MATERIAL SUPPLIED:
■ ■ ■ ■
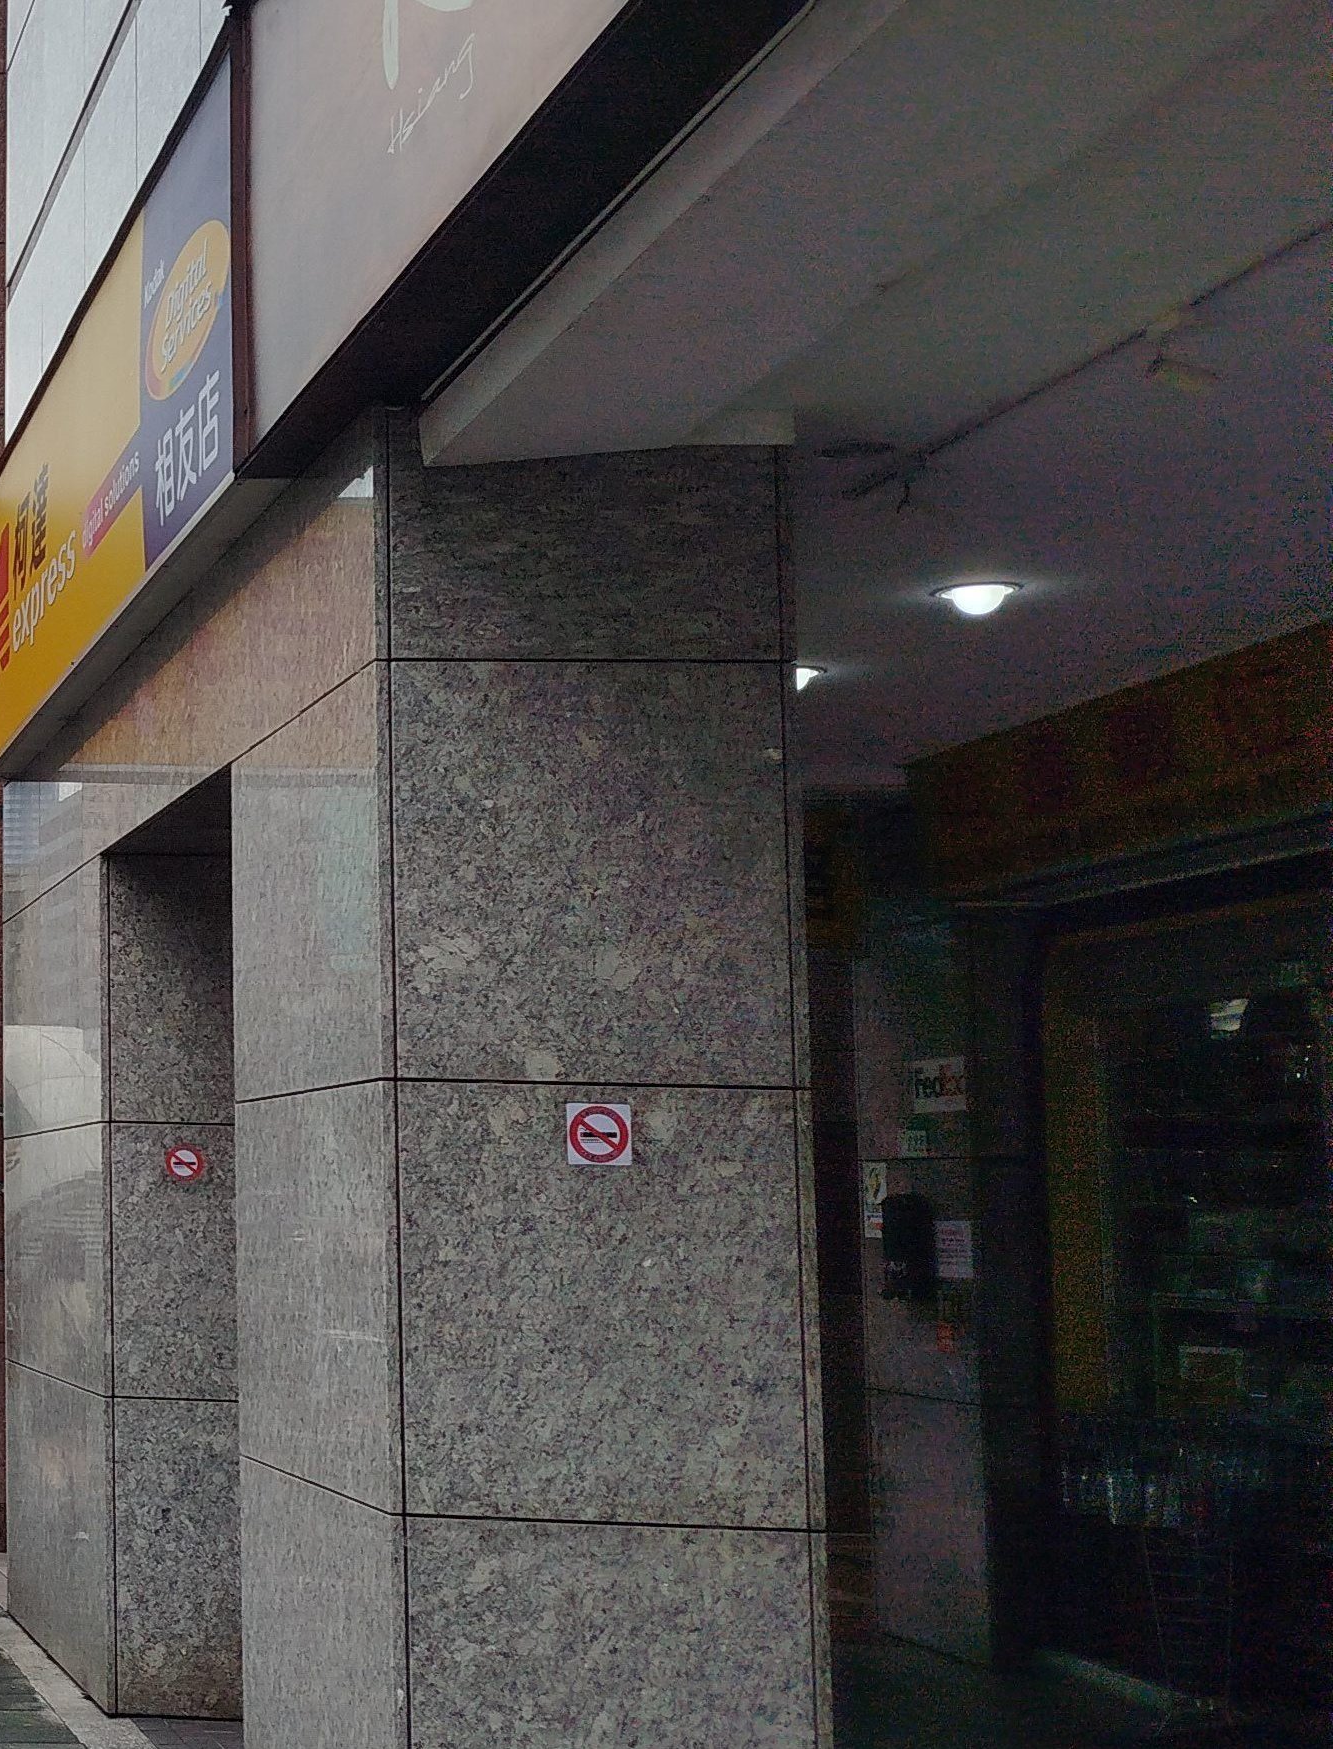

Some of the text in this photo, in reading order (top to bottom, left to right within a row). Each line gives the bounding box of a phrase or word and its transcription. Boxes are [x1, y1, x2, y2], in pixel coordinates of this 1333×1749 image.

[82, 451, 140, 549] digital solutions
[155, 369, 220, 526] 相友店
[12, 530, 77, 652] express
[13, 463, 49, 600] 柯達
■ ■ ■ ■
WHAT THE EXERCISE ASKS:
Transcribe every record above in full. Pictures stay out of the copy.

ANSWER BOX:
Some of the text in this photo, in reading order (top to bottom, left to right within a row). Each line gives the bounding box of a phrase or word and its transcription. Boxes are [x1, y1, x2, y2], in pixel coordinates of this 1333×1749 image.

[82, 451, 140, 549] digital solutions
[155, 369, 220, 526] 相友店
[12, 530, 77, 652] express
[13, 463, 49, 600] 柯達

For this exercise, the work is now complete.